Currie State Bank will be honoring 50-year employee, Dorothy Jensen,  during an Open House on Friday, June 7, 1-3 p.m. The public is cordially invited to attend. Sandwiches and refreshments will be served.

Jensen marked 50 years at Currie State Bank on April 21st of this year. She started as one of three tellers working out of the same cash drawer! “What a nightmare! We didn’t have a ten-key adding machine, computer, e-mail, copier or coin counter,” Jensen shared.

Jensen, who was born and raised in Currie, left the area following her high school graduation, to attend Mankato Business School for six months. She then lived in the cities and worked at Northwest Airlines as an accountant for three years.

Jensen then returned to Currie and married her husband, Wayne, in August of 1965.

The couple then became parents to Douglas and Kathy.

As a farming family, 1969 brought some very hard times. “We didn’t get all of the crops harvested in the fall of 1968 because of the weather and then in the spring of 1969, it was a year much like this,  and we flooded and couldn’t get crops planted,” Jensen shared.
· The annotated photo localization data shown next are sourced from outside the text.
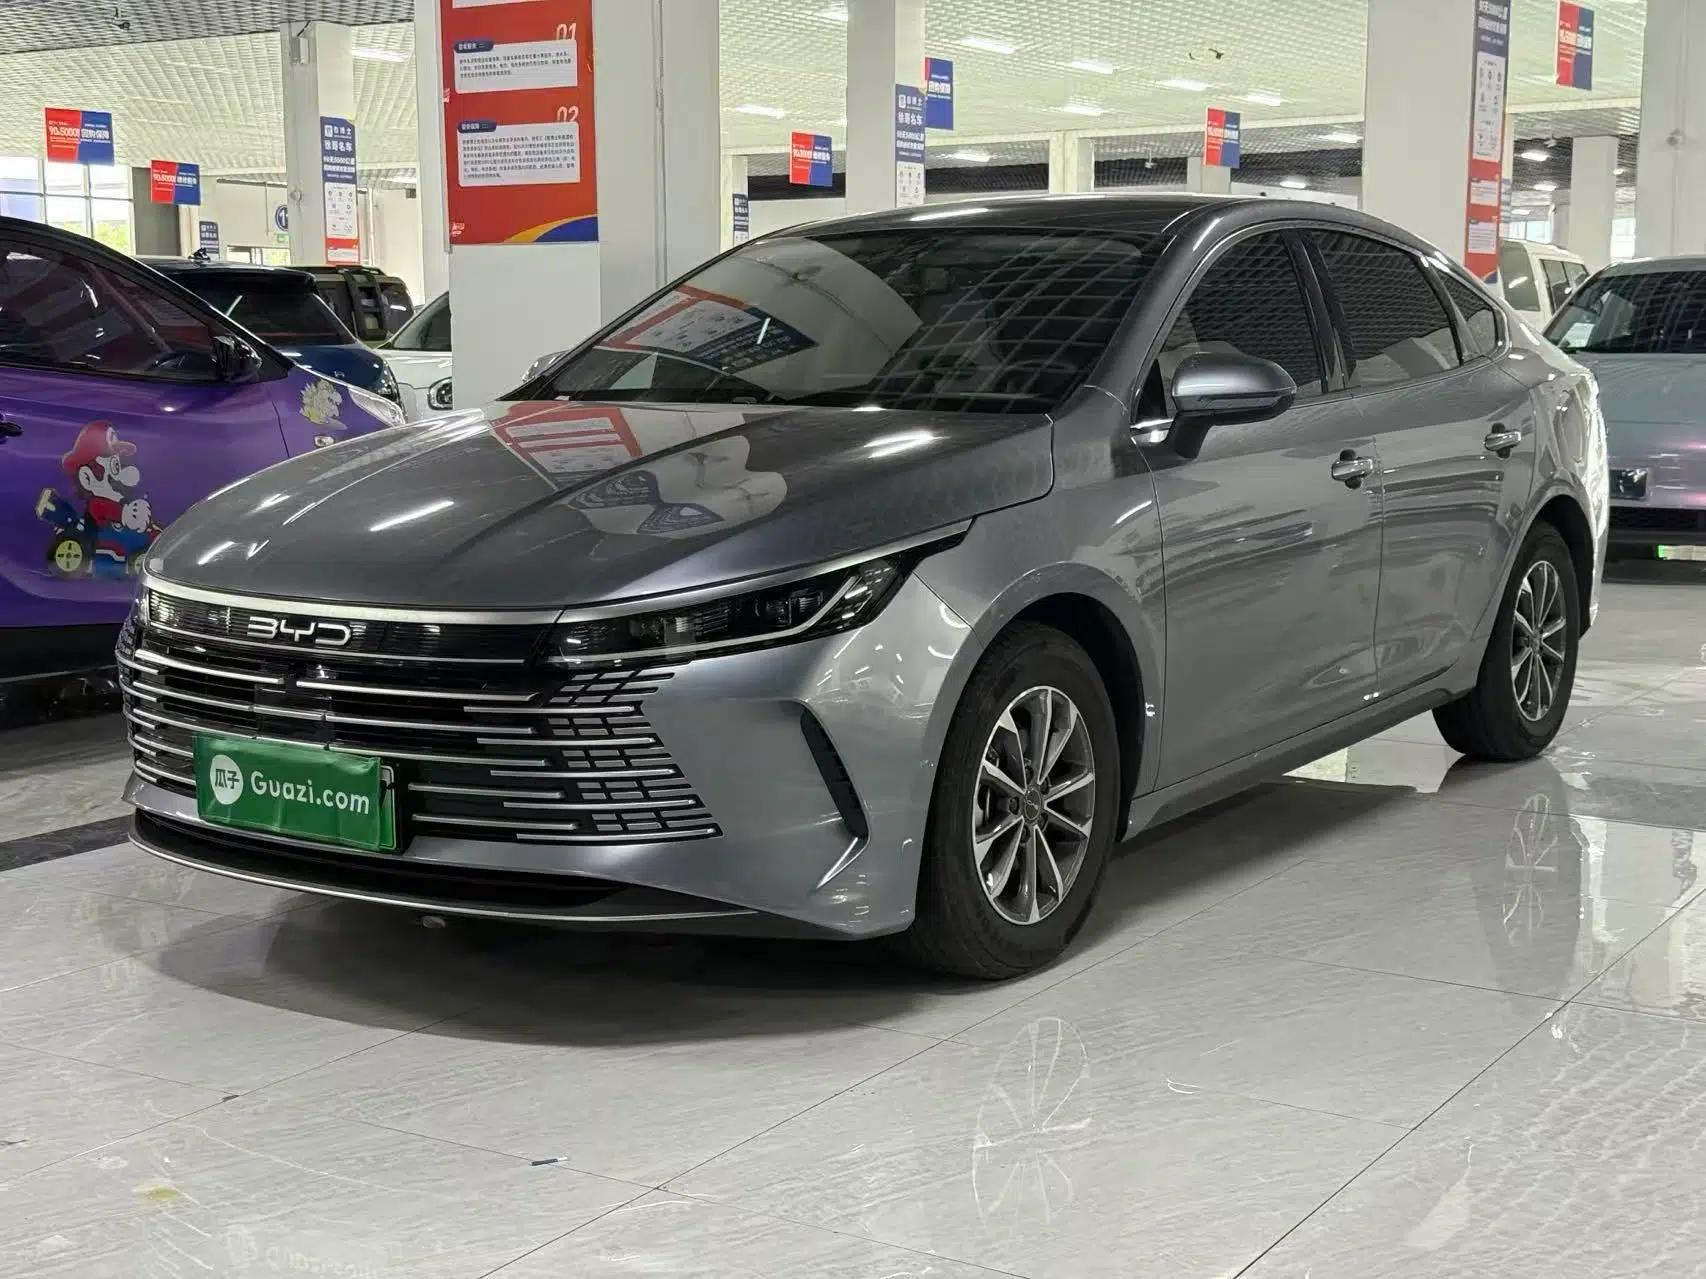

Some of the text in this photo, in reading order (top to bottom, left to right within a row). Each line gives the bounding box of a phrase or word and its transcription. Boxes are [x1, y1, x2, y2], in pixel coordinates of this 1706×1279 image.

[556, 22, 577, 41] 01
[556, 105, 579, 122] 02
[246, 616, 351, 646] BYD
[214, 768, 240, 790] 瓜子
[250, 770, 370, 815] Guazi.com
She recalled how she came to be employed at Currie State Bank. “My husband had gone to the bank to talk with our banker and discovered they had a job opening.  The banker told him to tell me to come in and visit with him. Unlike today, I wasn’t required to fill out an application.  We just sat and visited. After my interview, the banker asked me to start on Monday,” Jensen said.  “I was totally unprepared for that because I didn’t have any daycare in place and the children were one and one-half and two and one-half. But, I started on Monday, as one of three tellers at Currie State Bank.

The bank had been established on February 1, 1931, and by 1969 had a very strong customers base.
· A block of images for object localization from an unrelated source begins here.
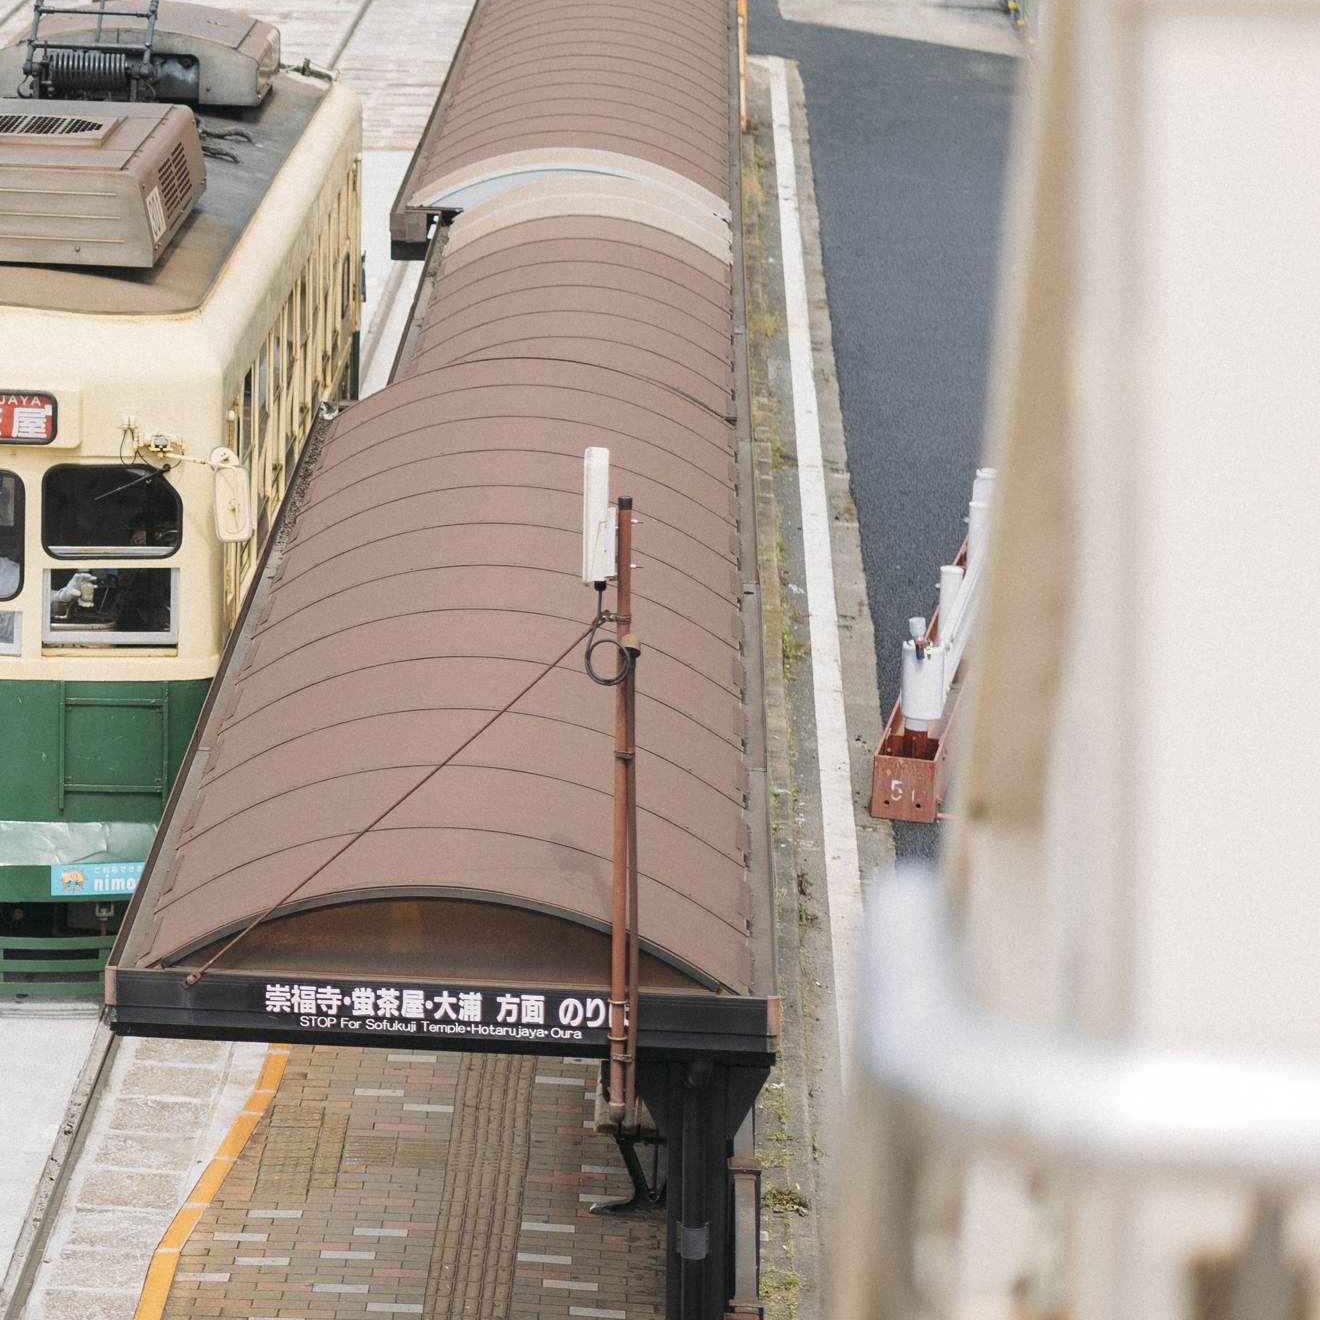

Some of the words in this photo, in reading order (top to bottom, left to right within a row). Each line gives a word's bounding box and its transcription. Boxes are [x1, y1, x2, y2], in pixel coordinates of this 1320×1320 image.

[94, 874, 140, 892] nimo
[496, 994, 546, 1025] 方面
[300, 1016, 337, 1028] STOP
[341, 1017, 362, 1029] For
[365, 1018, 417, 1033] Sofukuji
Jensen and the other two tellers worked out of one drawer. “If that drawer didn’t balance at close, everybody was like ‘I didn’t do it!’” she shared. “In those days we had to do all of the work manually. There were no proof machines. There was no ten-key machine.  What we had were three spindles – basically a base with a nail-like spike – on which we placed the deposit slips, transactions and the remittances.  Everybody used counter checks and there were no account numbers. Your name was your identification. It’s unreal all of the changes that have happened over the 50 years.”